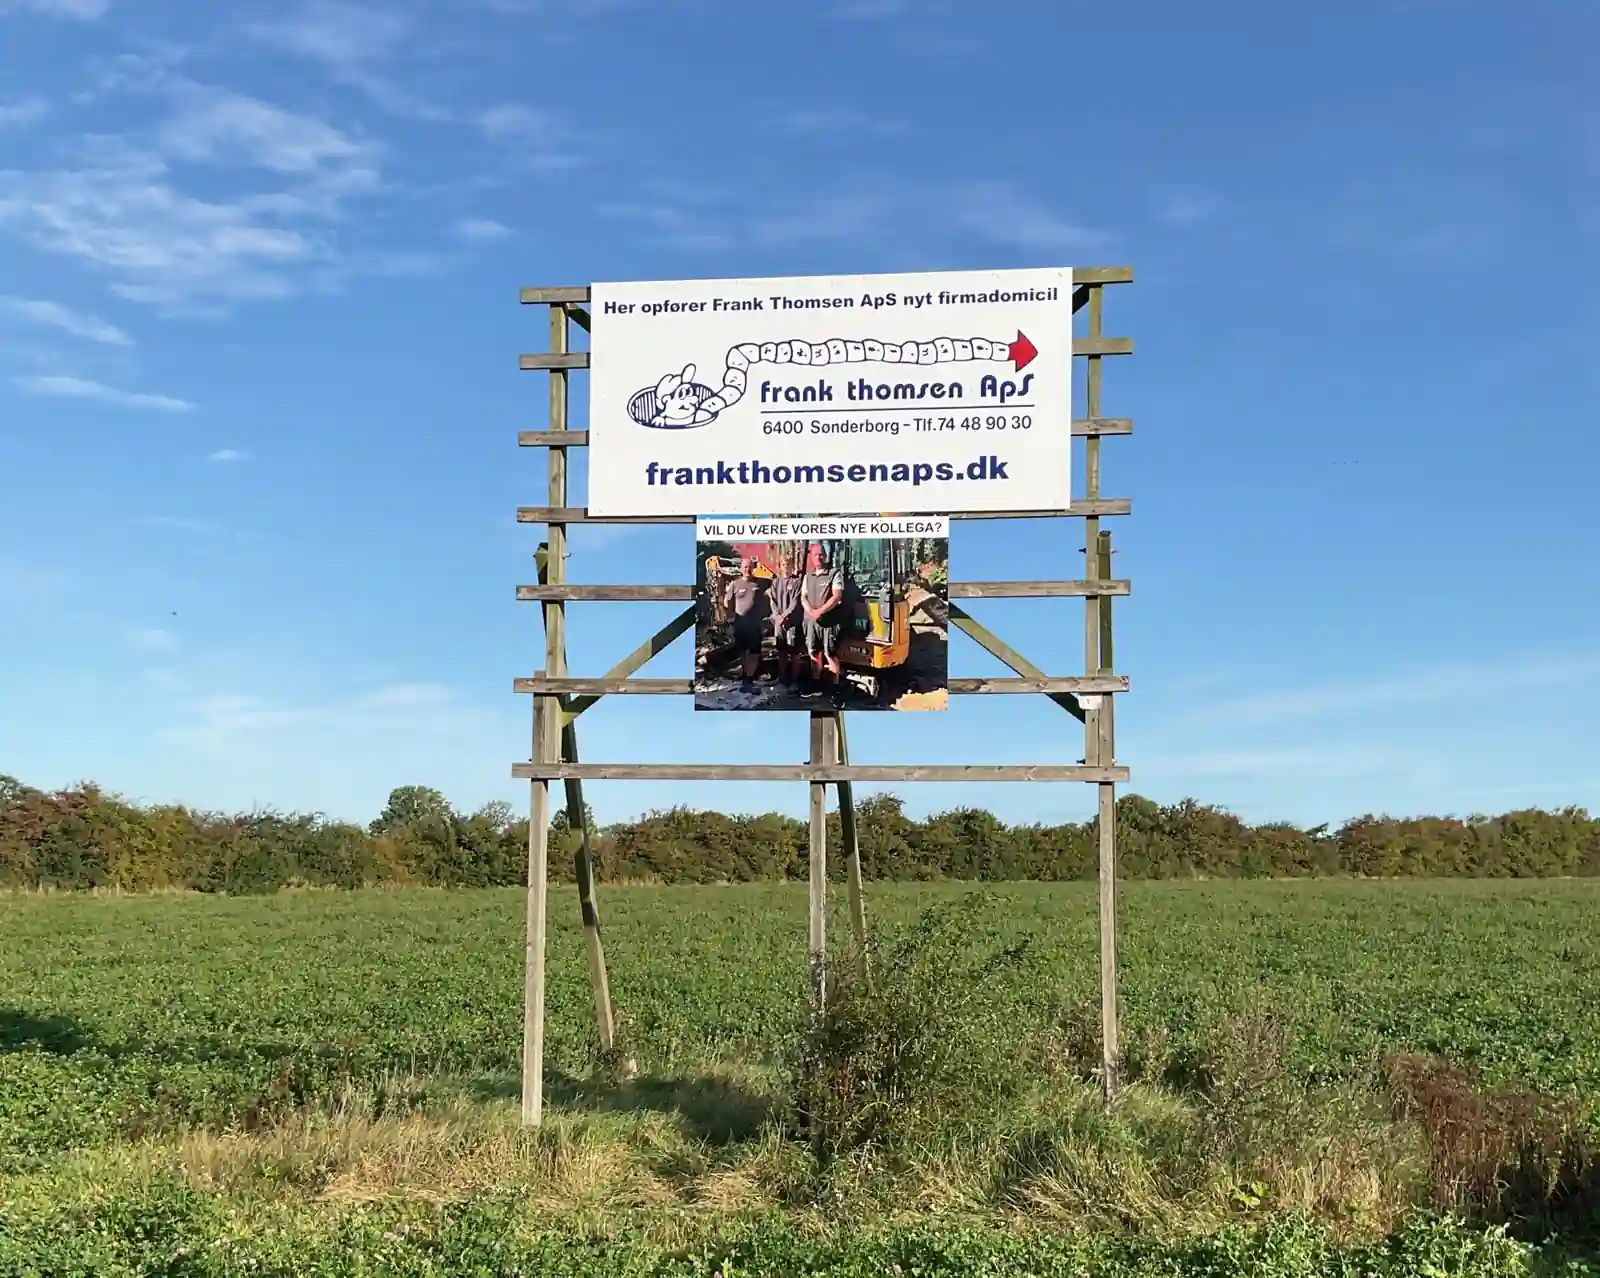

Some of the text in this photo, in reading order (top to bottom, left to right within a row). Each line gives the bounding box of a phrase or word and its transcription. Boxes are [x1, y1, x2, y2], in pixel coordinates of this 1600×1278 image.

[604, 287, 1058, 317] Her opfører Frank Thomsen ApS nyt firmadomicil
[760, 374, 1035, 404] frank thomsen ApS
[762, 420, 804, 435] 6400
[810, 419, 900, 436] Sønderborg
[960, 416, 981, 431] 48
[985, 415, 1007, 430] 90
[1011, 414, 1032, 430] 30
[645, 455, 1009, 487] frankthomsenaps.dk
[703, 522, 942, 536] VIL DU VÆRE VORES NYE KOLLEGA?
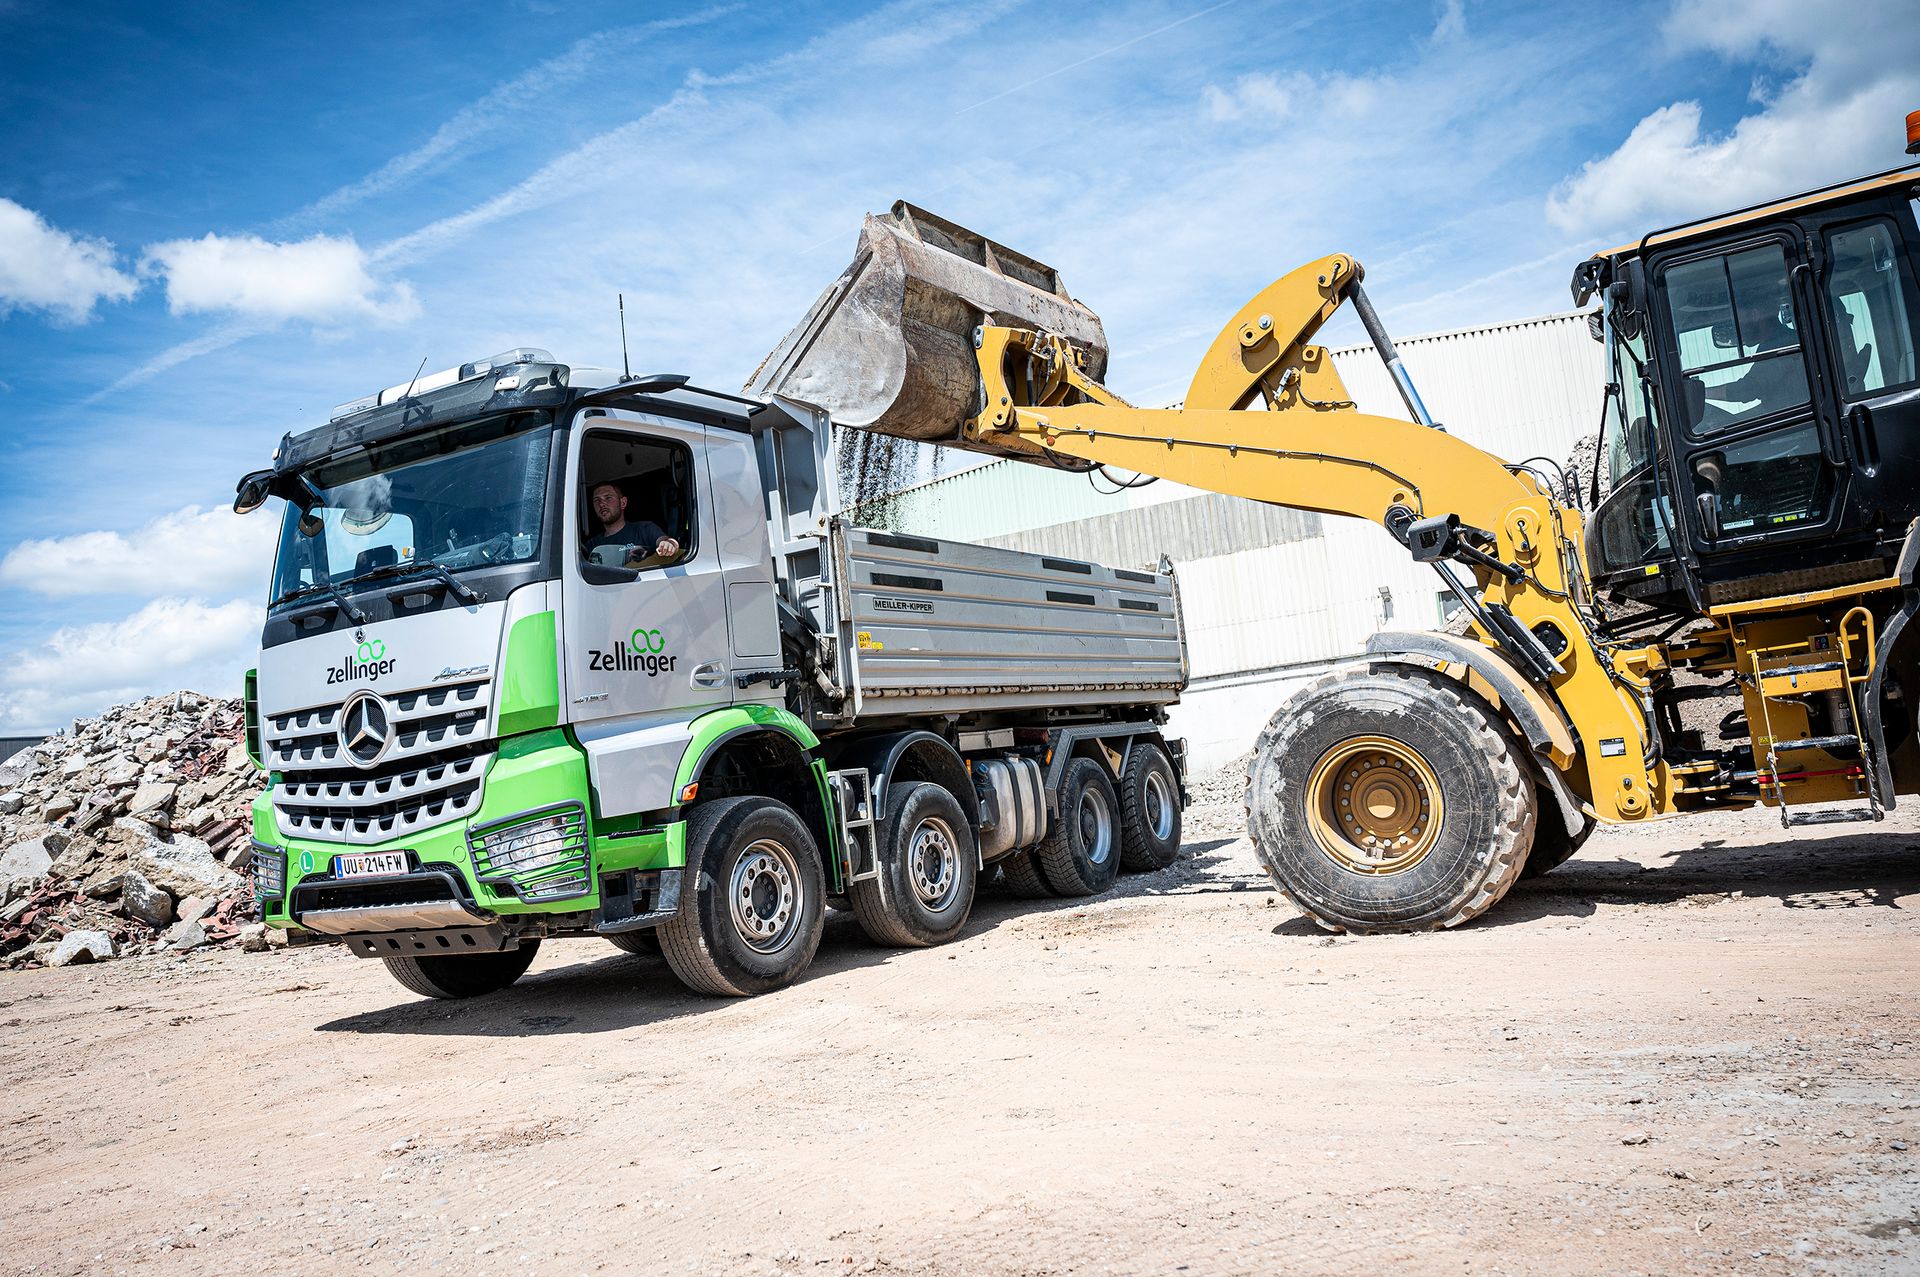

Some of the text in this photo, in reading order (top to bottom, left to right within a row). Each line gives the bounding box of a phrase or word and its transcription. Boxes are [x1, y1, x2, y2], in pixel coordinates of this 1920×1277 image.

[875, 600, 932, 611] MEILLER-KIPPER
[326, 655, 397, 685] Zellinger
[588, 641, 678, 677] Zellinger
[344, 859, 357, 874] UU

|---|

◆ **Problem**
Quote the preceding records in their entirety, excluding every picture.

◆ **Exercise answer**
Some of the text in this photo, in reading order (top to bottom, left to right within a row). Each line gives the bounding box of a phrase or word and its transcription. Boxes are [x1, y1, x2, y2], in pixel coordinates of this 1600×1278 image.

[604, 287, 1058, 317] Her opfører Frank Thomsen ApS nyt firmadomicil
[760, 374, 1035, 404] frank thomsen ApS
[762, 420, 804, 435] 6400
[810, 419, 900, 436] Sønderborg
[960, 416, 981, 431] 48
[985, 415, 1007, 430] 90
[1011, 414, 1032, 430] 30
[645, 455, 1009, 487] frankthomsenaps.dk
[703, 522, 942, 536] VIL DU VÆRE VORES NYE KOLLEGA?

Some of the text in this photo, in reading order (top to bottom, left to right within a row). Each line gives the bounding box of a phrase or word and its transcription. Boxes are [x1, y1, x2, y2], in pixel coordinates of this 1920×1277 image.

[875, 600, 932, 611] MEILLER-KIPPER
[326, 655, 397, 685] Zellinger
[588, 641, 678, 677] Zellinger
[344, 859, 357, 874] UU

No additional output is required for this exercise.